Plantiffs also argued that surgical abortions are more invasive. Taken by itself, therefore, the ban on chemical abortions simply rules out the safer, more effective and less costly method of abortion.

That, lawyers said, is like saying, “You must have open heart surgery when a stent will do”.

The motive of a healthcare decision should not be relevant to the definition of healthcare, plaintiffs argue. Nobody would question why a person wants cancer treatment, for example – motive, lawyers said, is simply irrelevant.

The plaintiffs also touched on the idea that an abortion is not solely a healthcare decision affecting the patient and also necessarily impacts the unborn child.

There are a multitude of healthcare decisions we make that affect others, lawyers argued, such as vasectomy, hysterectomy or refraining from cancer treatment. Decisions are also made by surrogates or guardians for minors or those judged incompetent to decide for themselves.

“These are all healthcare decisions for another person,” lawyers said, and abortion is no different.

A ban on chemical abortions also takes away a physician’s ability to provide a standard of care for patients in imminent peril or while suicidal, lawyers argued, by causing unnecessary additional harm while the physician waits to decide if the peril is real enough to count as an exception to the law.

Irreparable harm from the law going into effect, therefore, is, “not just possible, but certain”.

Examining the Case

Lawyers for the state concentrated on only small portions of their case and technicalities for the purpose of this hearing and did not outline their full argument.

For example, it was pointed out that Section 38 was never intended to create a right to any specific healthcare. Rather, it was intended to create a means for Wyoming citizens to make decisions about available healthcare without the federal government interfering.

Abortion is also not about a woman making her own decisions, lawyers argued, because it’s not just affecting her – it’s not just for herself. The abortion is going to kill her unborn child.

If court finds abortion is healthcare, therefore, it also impacts the unborn baby. “It’s not just her own decision – it’s this decision that has collateral consequences to another person,” lawyers said.

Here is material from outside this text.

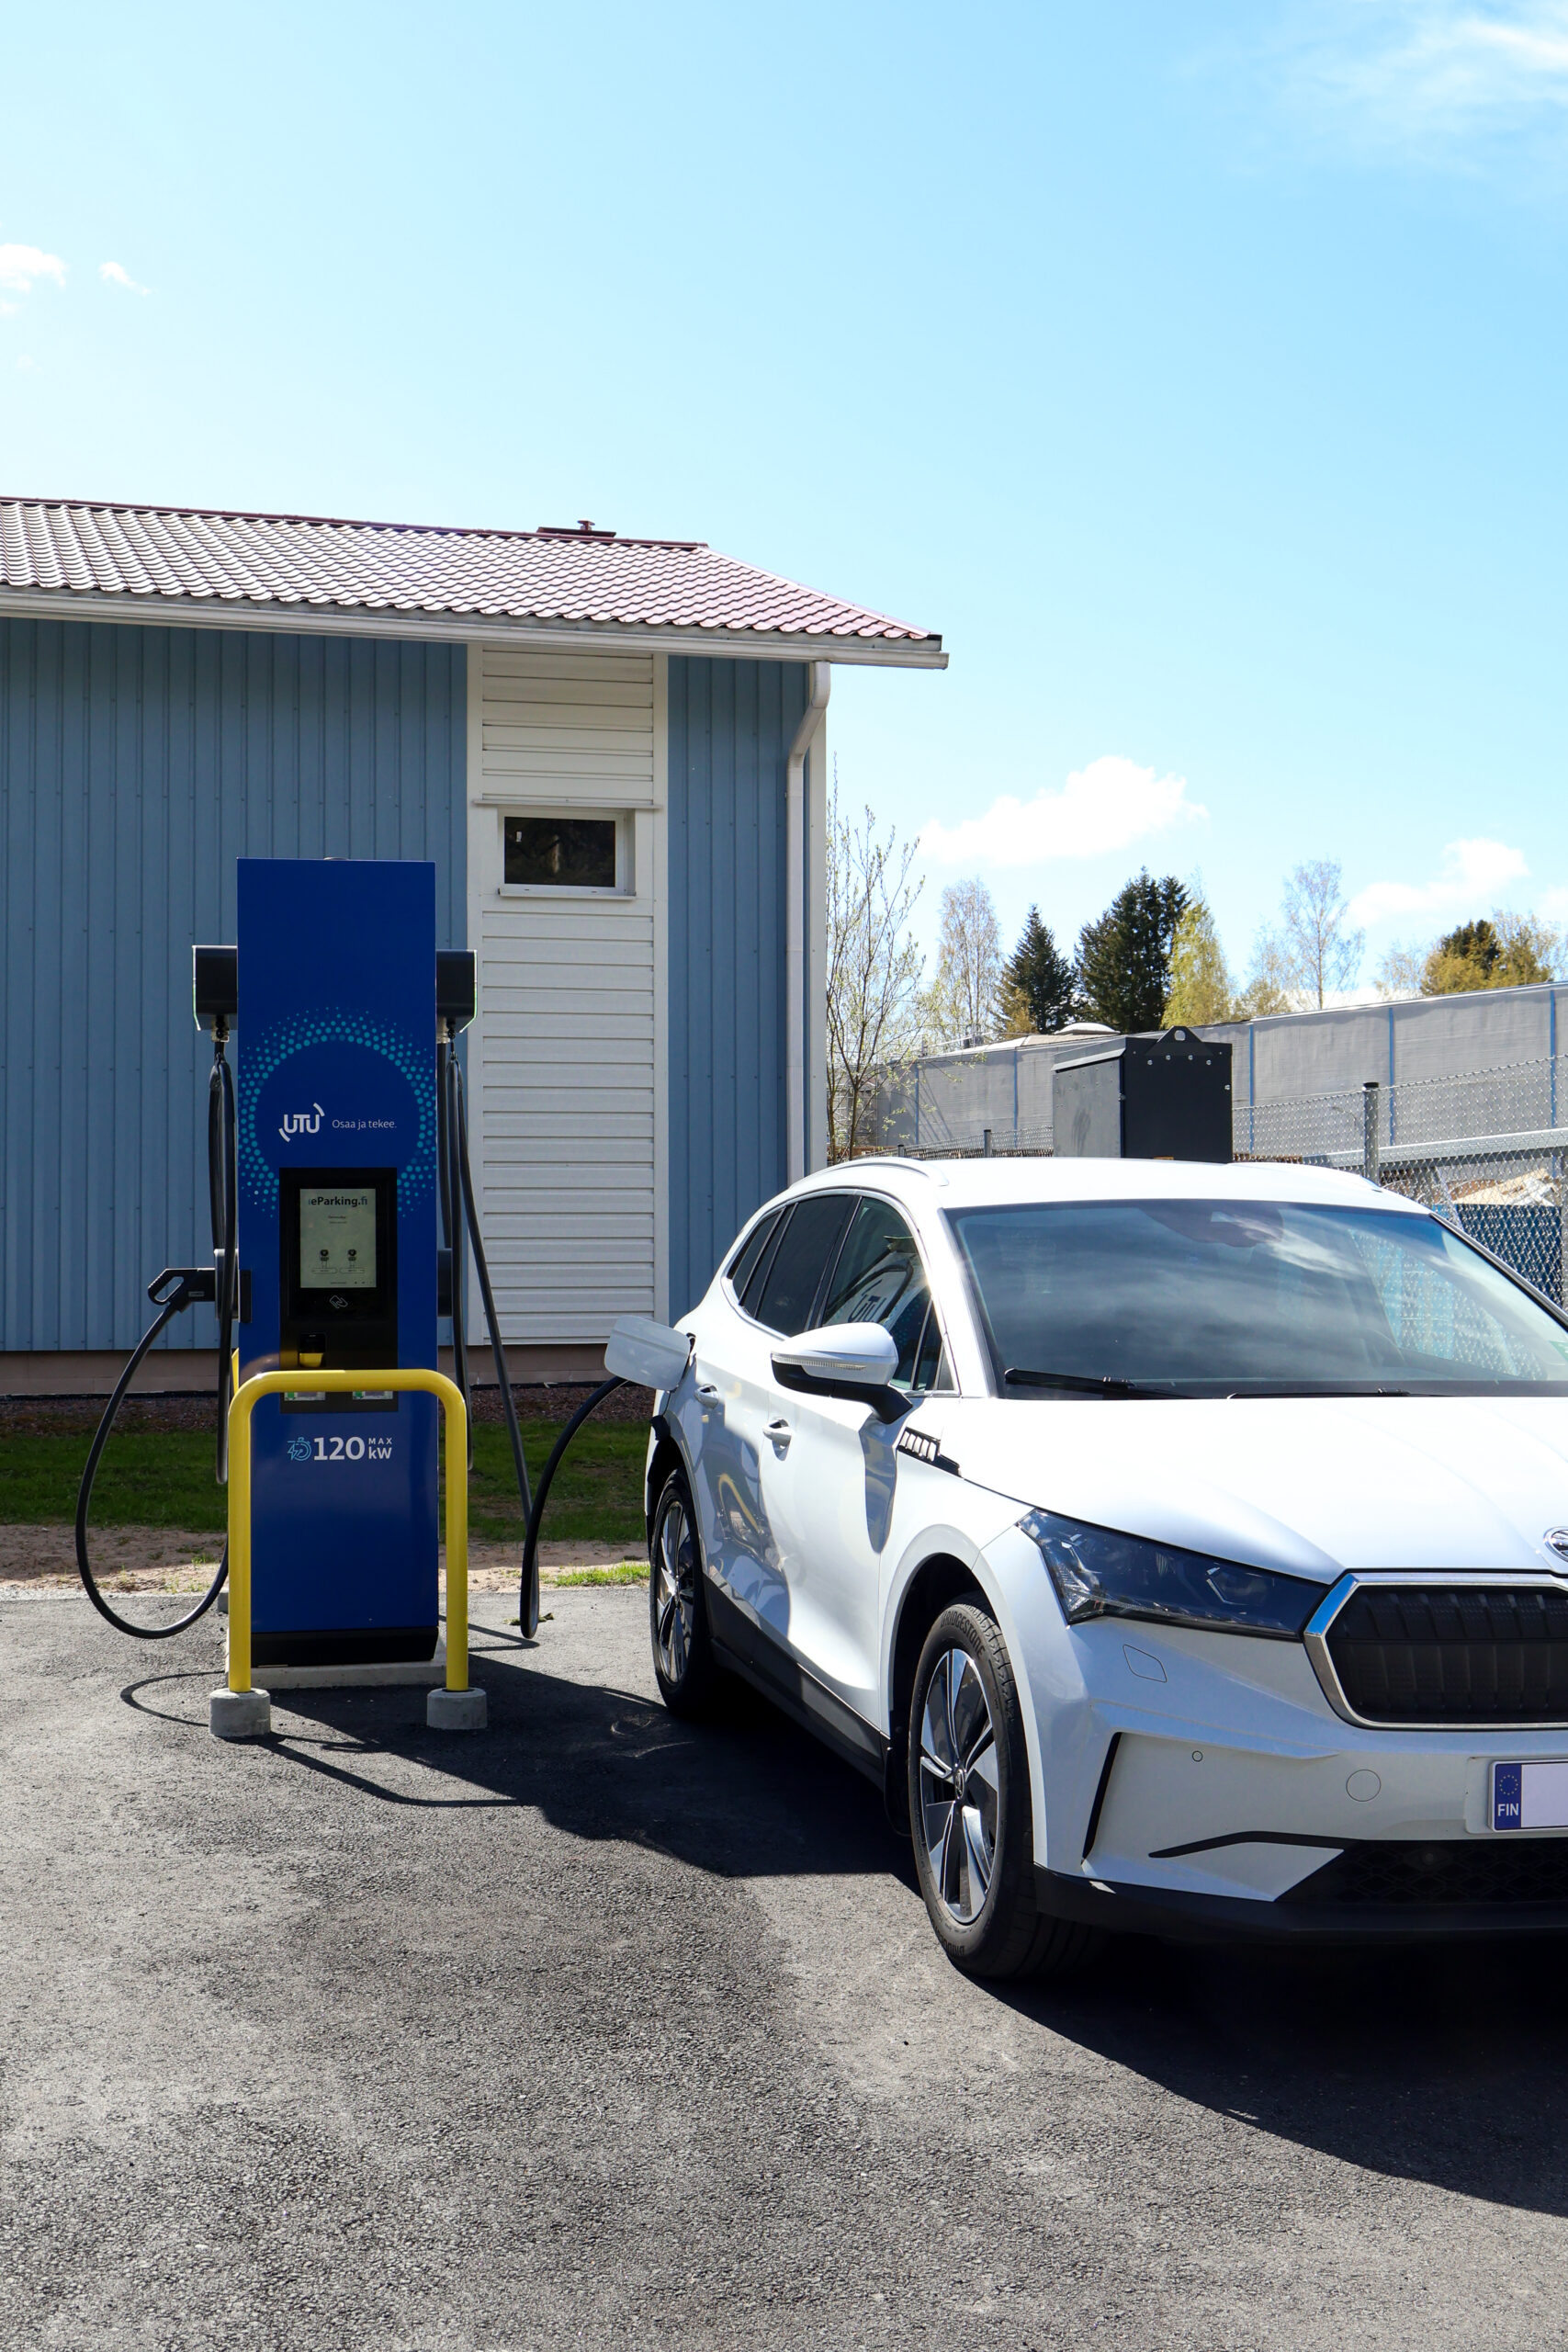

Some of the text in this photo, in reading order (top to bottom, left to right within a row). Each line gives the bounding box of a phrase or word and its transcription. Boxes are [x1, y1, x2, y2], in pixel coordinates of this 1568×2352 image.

In questioning lawyers for both the plaintiffs and the state, Owens repeatedly circled back to a number of technicalities within the chemical abortion ban and the “Life is a Human Right Act”, sometimes involving perceived conflicts between the two. Should they be considered together, she wondered?

For example, Owens asked for clarification on why the state keeps saying abortion isn’t healthcare when, to create this law, the legislature relied on being able to decide what is reasonable and necessary with regards to the restrictions needed to protect the health and general welfare of the people.

It’s hard for the court to understand, she said, how some parts of Section 38 apply to laws restricting abortion while others don’t. “That is still the answer I’ve been looking for,” she said.

“…The court continues to struggle with that portion of the law”.

Lawyers for the state explained that this case involves following a path, the first step of which is: is abortion healthcare? If not, it falls outside Section 38; If so, the state will have to make different arguments because the case has gone down a different branch of the path.

Lawyers also noted that these questions are more confusing at this stage of proceedings because the hearing was focused on certain parts of the picture, not the whole thing.

As the hearing ended, Owens judged the plaintiffs had shown “probable success” on the merits of their case, and that at least some of the plaintiffs will suffer possible irreparable injury if the law is allowed to become effective. A temporary injunction was placed on the law, preventing it from coming into effect on July 1.